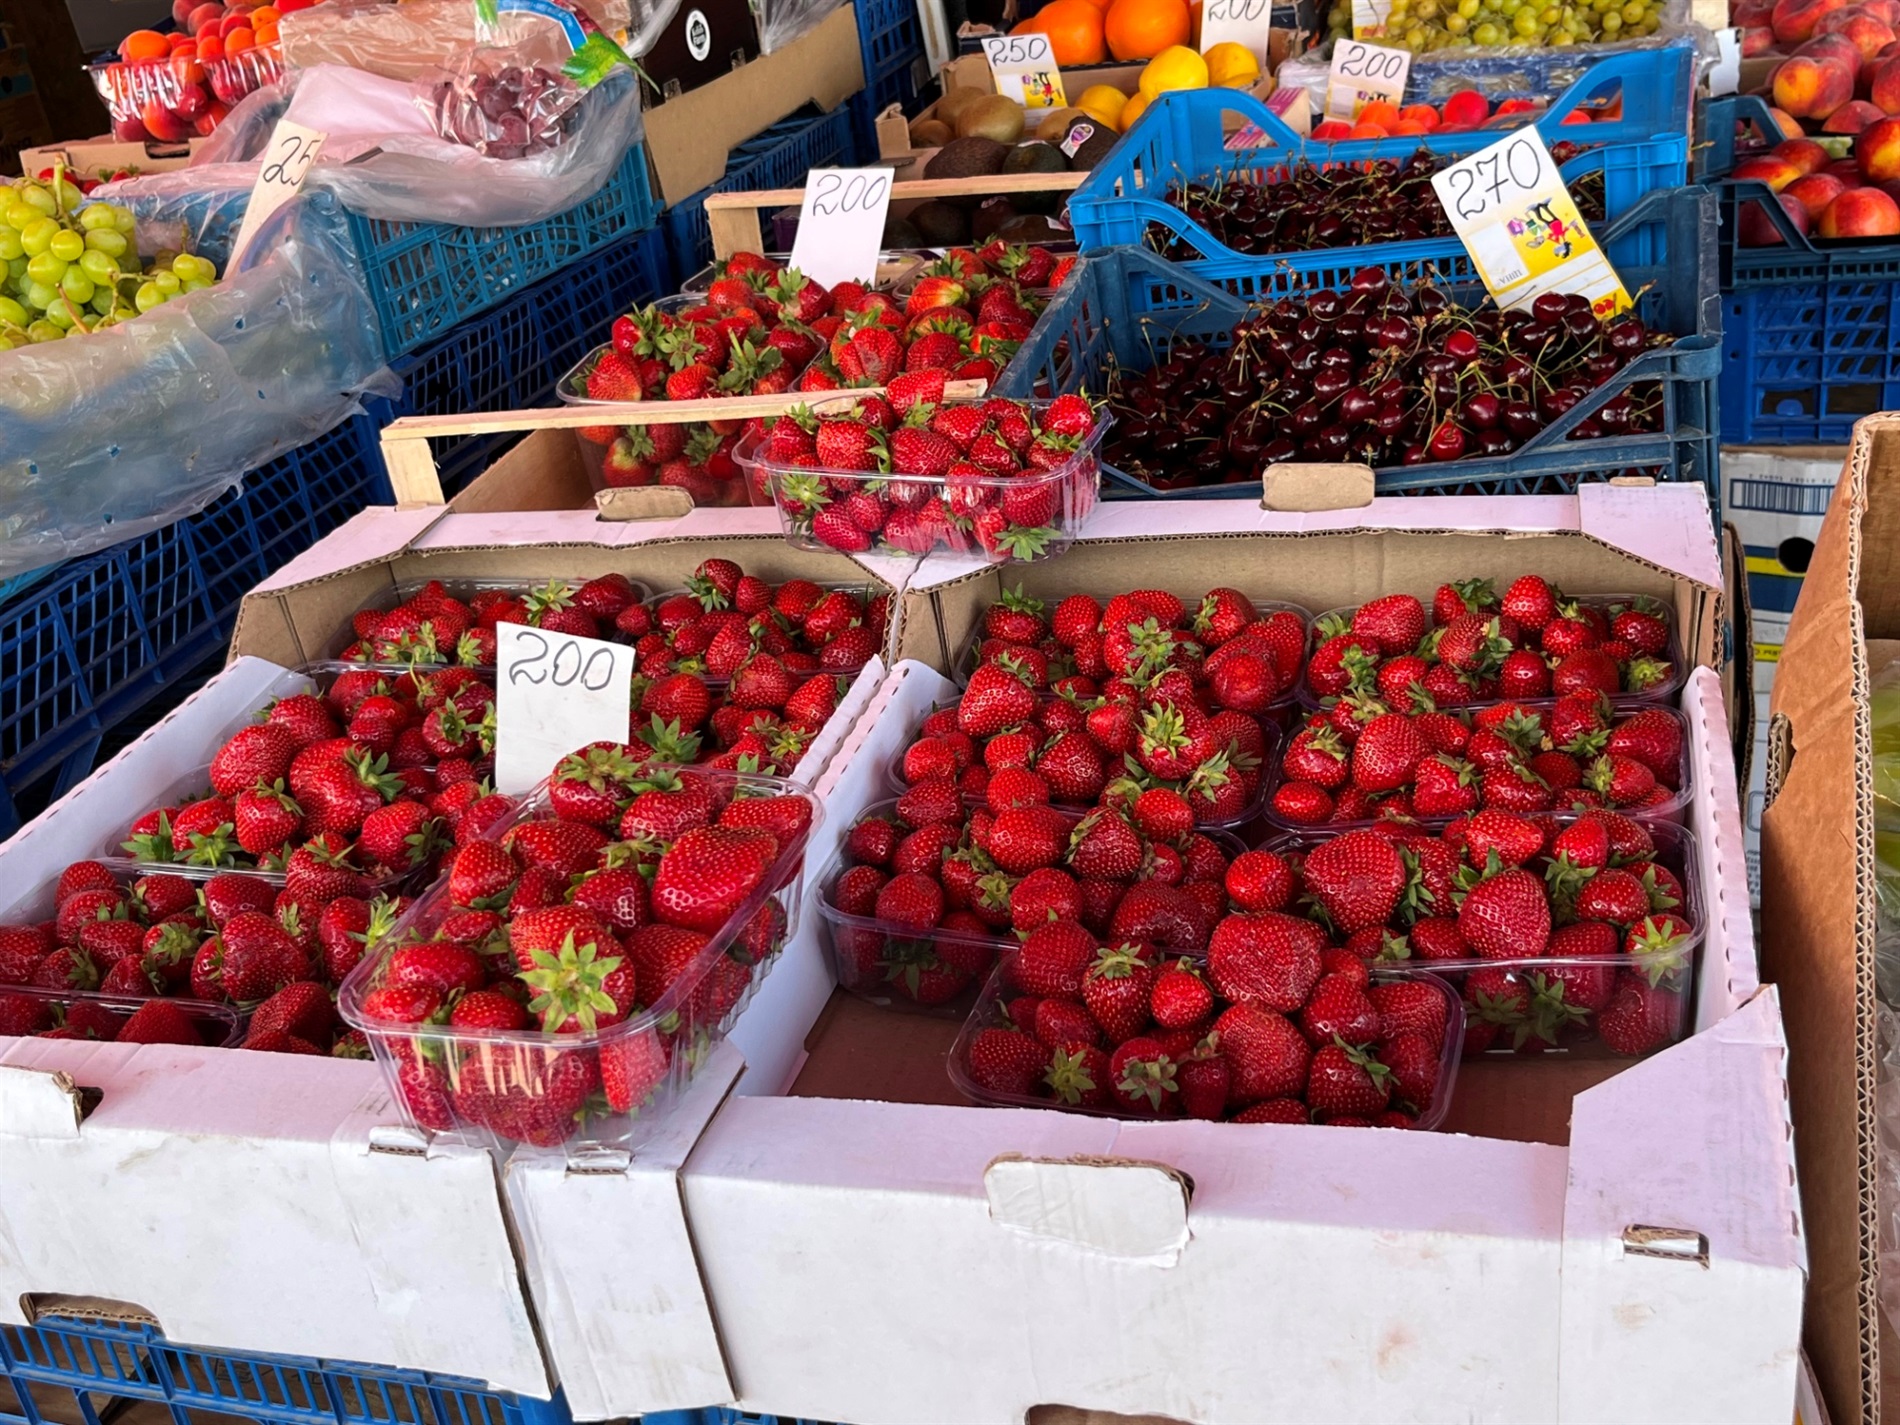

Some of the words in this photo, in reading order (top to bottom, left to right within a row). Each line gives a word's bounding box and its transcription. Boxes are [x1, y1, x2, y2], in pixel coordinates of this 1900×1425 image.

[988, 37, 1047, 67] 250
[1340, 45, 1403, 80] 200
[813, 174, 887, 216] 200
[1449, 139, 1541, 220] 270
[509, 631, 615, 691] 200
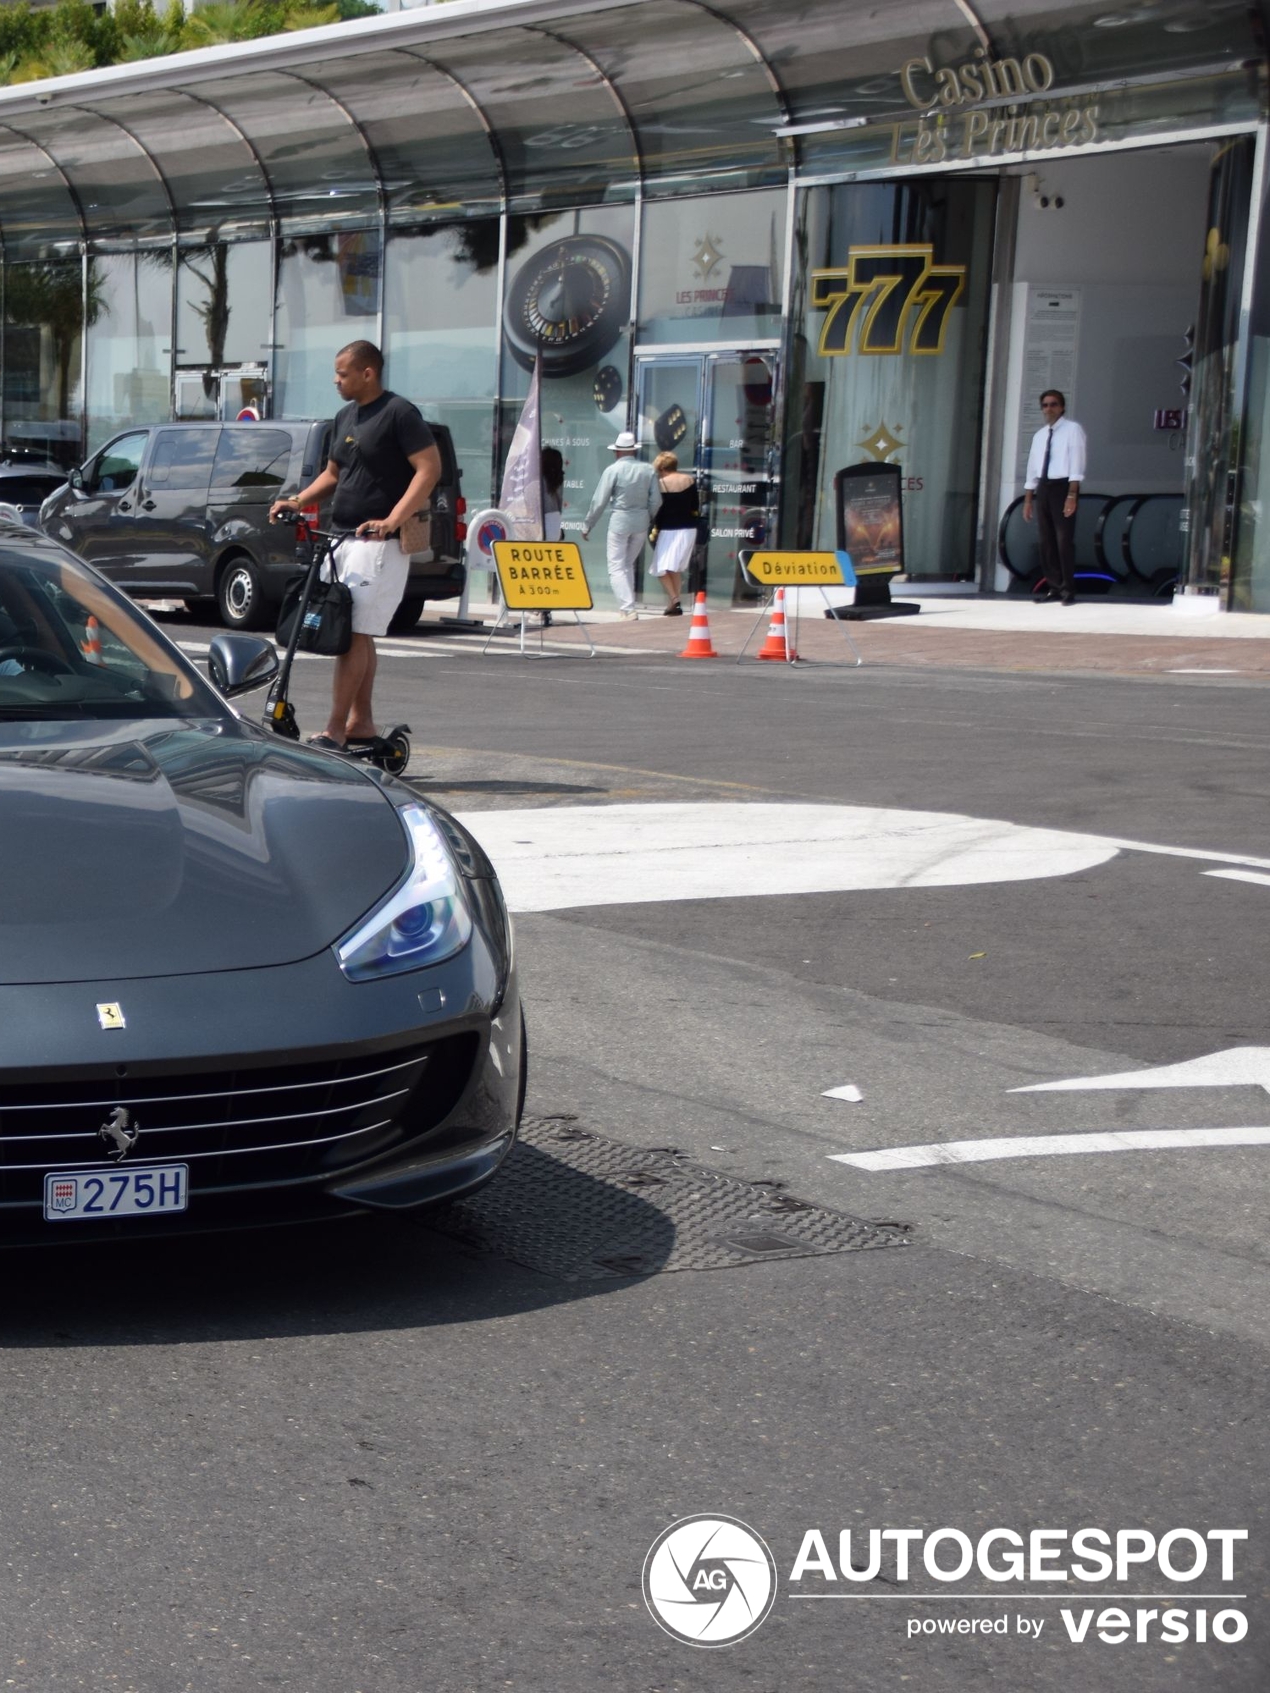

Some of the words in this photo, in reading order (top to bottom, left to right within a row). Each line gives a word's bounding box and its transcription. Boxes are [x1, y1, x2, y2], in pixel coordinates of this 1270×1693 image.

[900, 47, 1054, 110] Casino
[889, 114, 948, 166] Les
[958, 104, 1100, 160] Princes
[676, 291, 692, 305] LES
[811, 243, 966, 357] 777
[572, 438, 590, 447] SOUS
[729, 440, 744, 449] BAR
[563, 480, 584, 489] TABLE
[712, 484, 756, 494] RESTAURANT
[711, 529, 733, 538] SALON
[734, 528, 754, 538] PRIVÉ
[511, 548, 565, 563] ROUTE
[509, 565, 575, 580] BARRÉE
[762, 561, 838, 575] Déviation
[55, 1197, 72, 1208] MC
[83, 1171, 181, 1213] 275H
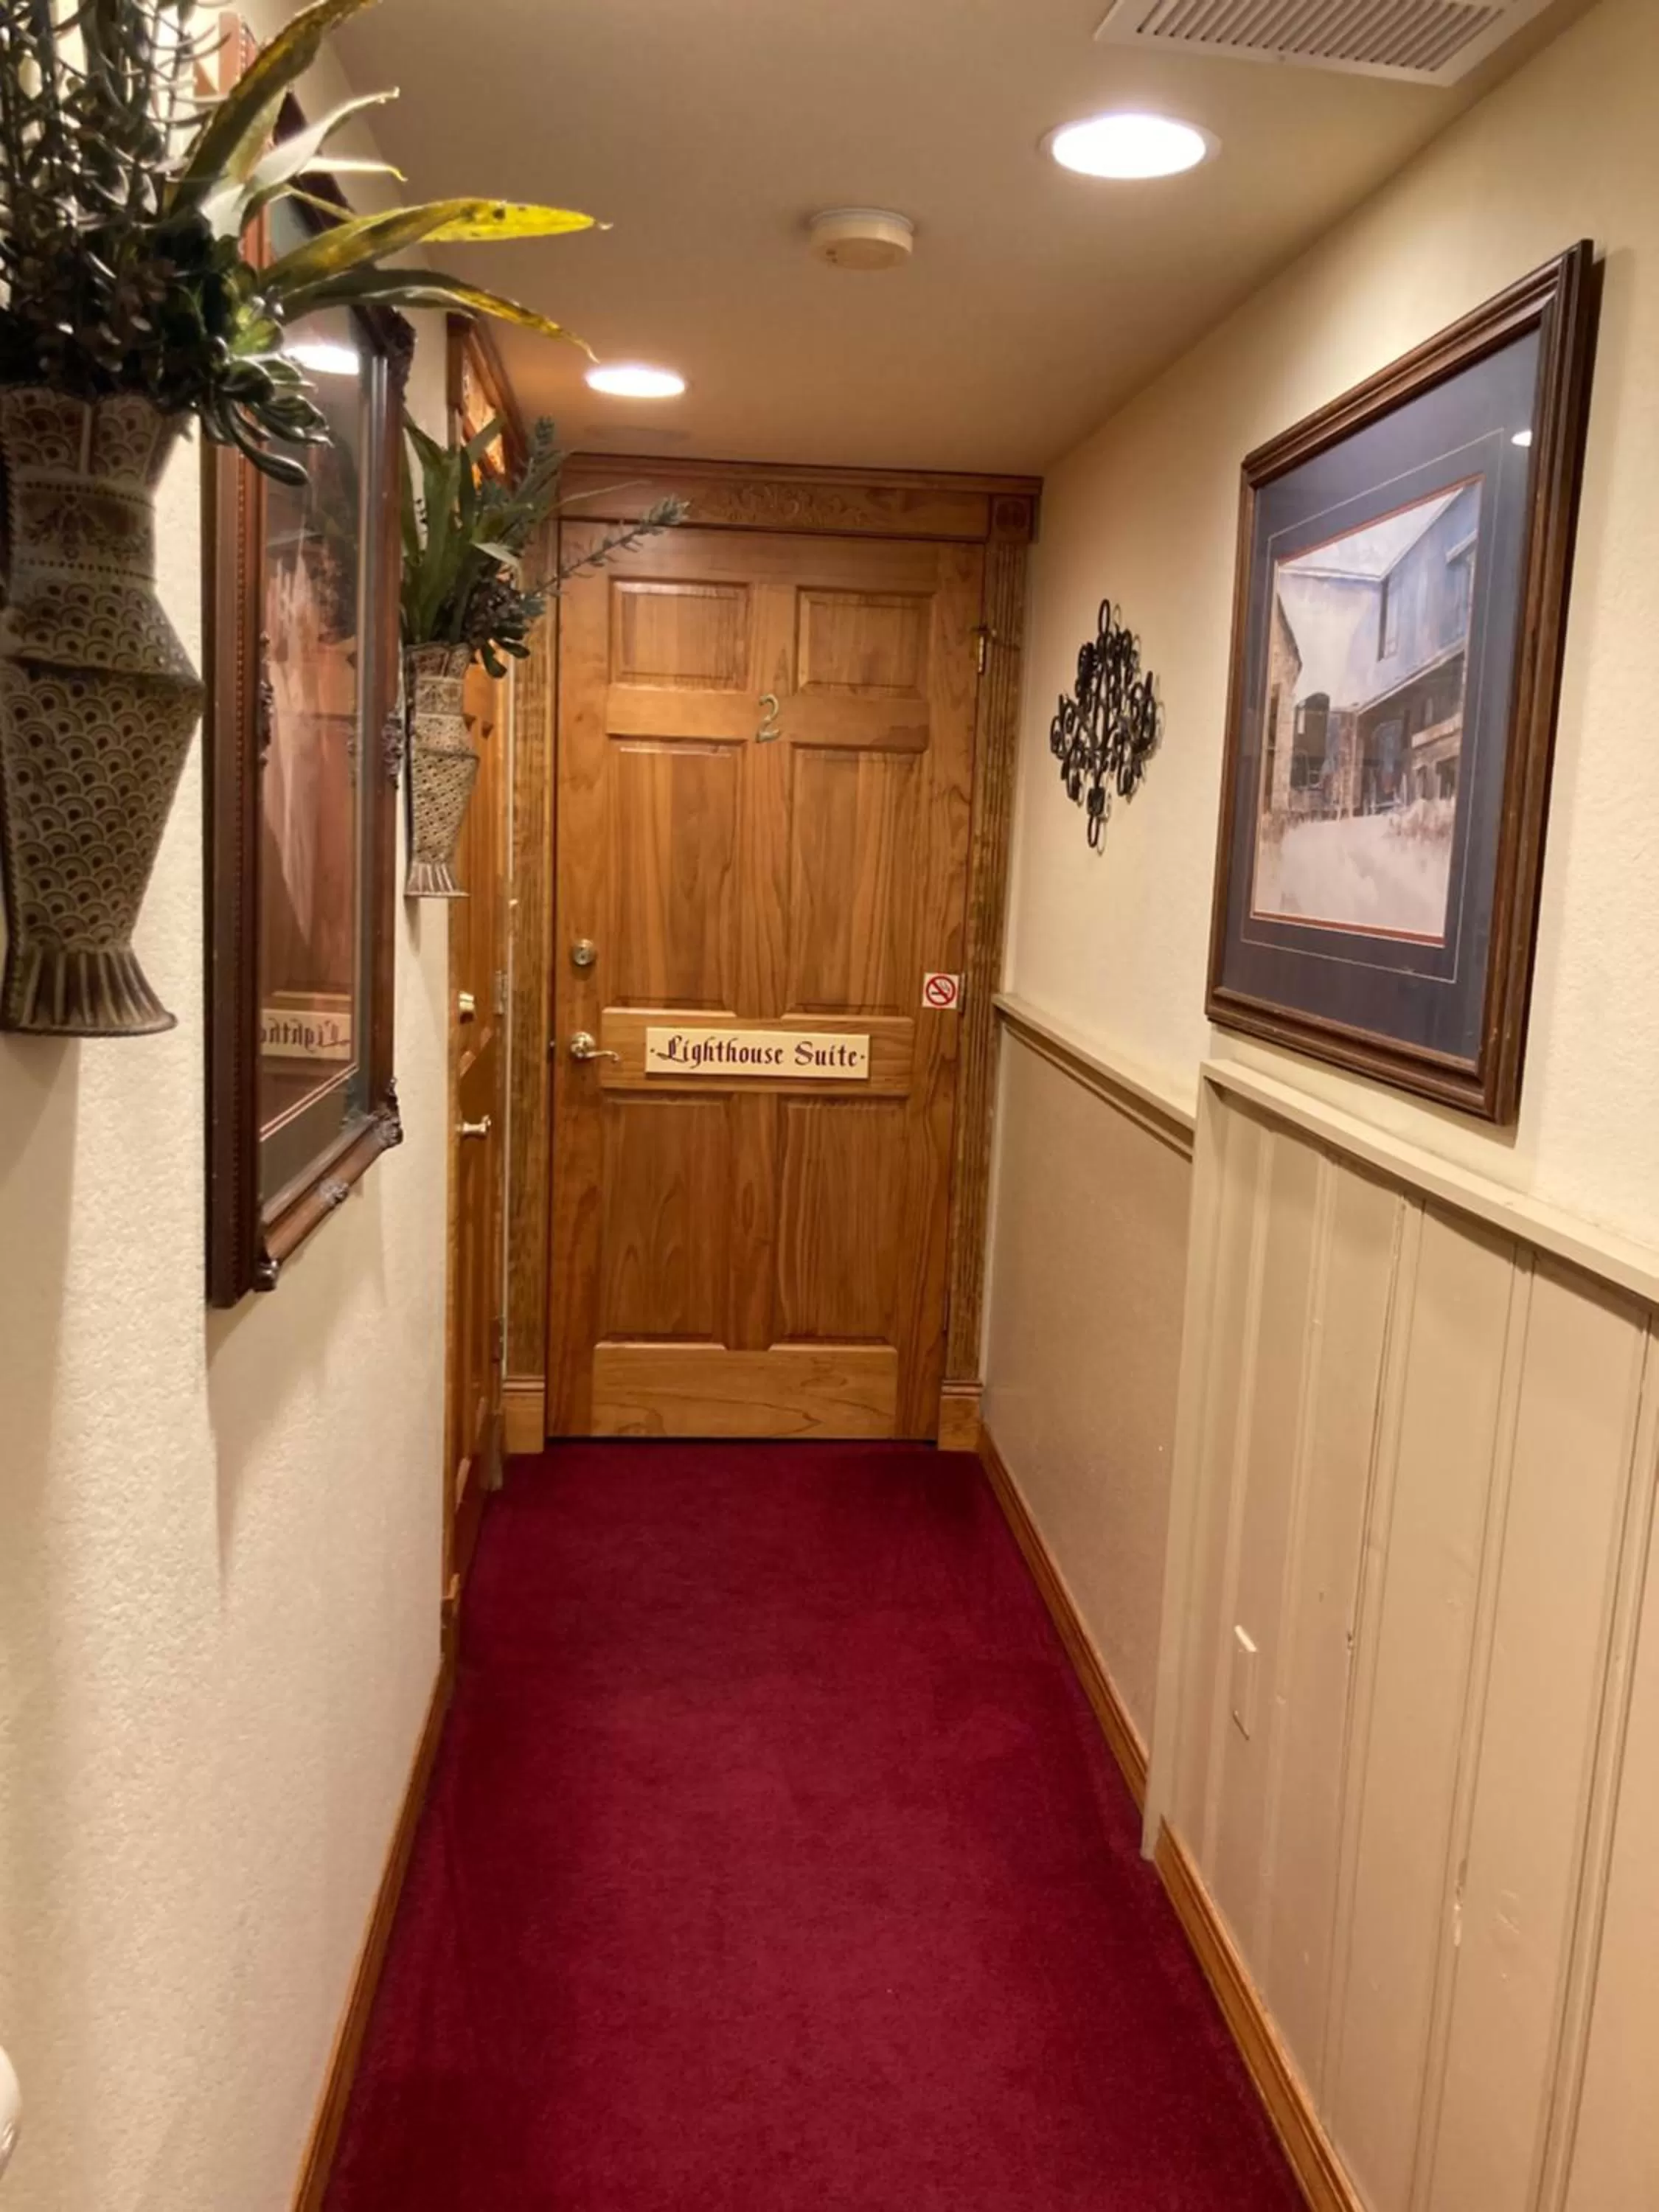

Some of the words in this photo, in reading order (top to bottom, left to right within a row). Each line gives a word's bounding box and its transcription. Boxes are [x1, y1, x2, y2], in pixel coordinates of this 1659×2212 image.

====================

__Problem to work on__.
Except for the pictures, write the data out exactly.

__Solution to this exercise__.
Some of the words in this photo, in reading order (top to bottom, left to right within a row). Each line gives a word's bounding box and its transcription. Boxes are [x1, y1, x2, y2], in pixel coordinates of this 1900×1425 image.

[988, 37, 1047, 67] 250
[1340, 45, 1403, 80] 200
[813, 174, 887, 216] 200
[1449, 139, 1541, 220] 270
[509, 631, 615, 691] 200

Some of the words in this photo, in reading order (top to bottom, left to right within a row). Each line gives a word's bounding box and its transcription. Boxes are [x1, y1, x2, y2], in pixel coordinates of this 1270×1693 image.

[900, 47, 1054, 110] Casino
[889, 114, 948, 166] Les
[958, 104, 1100, 160] Princes
[676, 291, 692, 305] LES
[811, 243, 966, 357] 777
[572, 438, 590, 447] SOUS
[729, 440, 744, 449] BAR
[563, 480, 584, 489] TABLE
[712, 484, 756, 494] RESTAURANT
[711, 529, 733, 538] SALON
[734, 528, 754, 538] PRIVÉ
[511, 548, 565, 563] ROUTE
[509, 565, 575, 580] BARRÉE
[762, 561, 838, 575] Déviation
[55, 1197, 72, 1208] MC
[83, 1171, 181, 1213] 275H

Some of the words in this photo, in reading order (top to bottom, left to right within a row). Each line gives a word's bounding box and its transcription. Boxes are [x1, y1, x2, y2], in pixel coordinates of this 1659×2212 image.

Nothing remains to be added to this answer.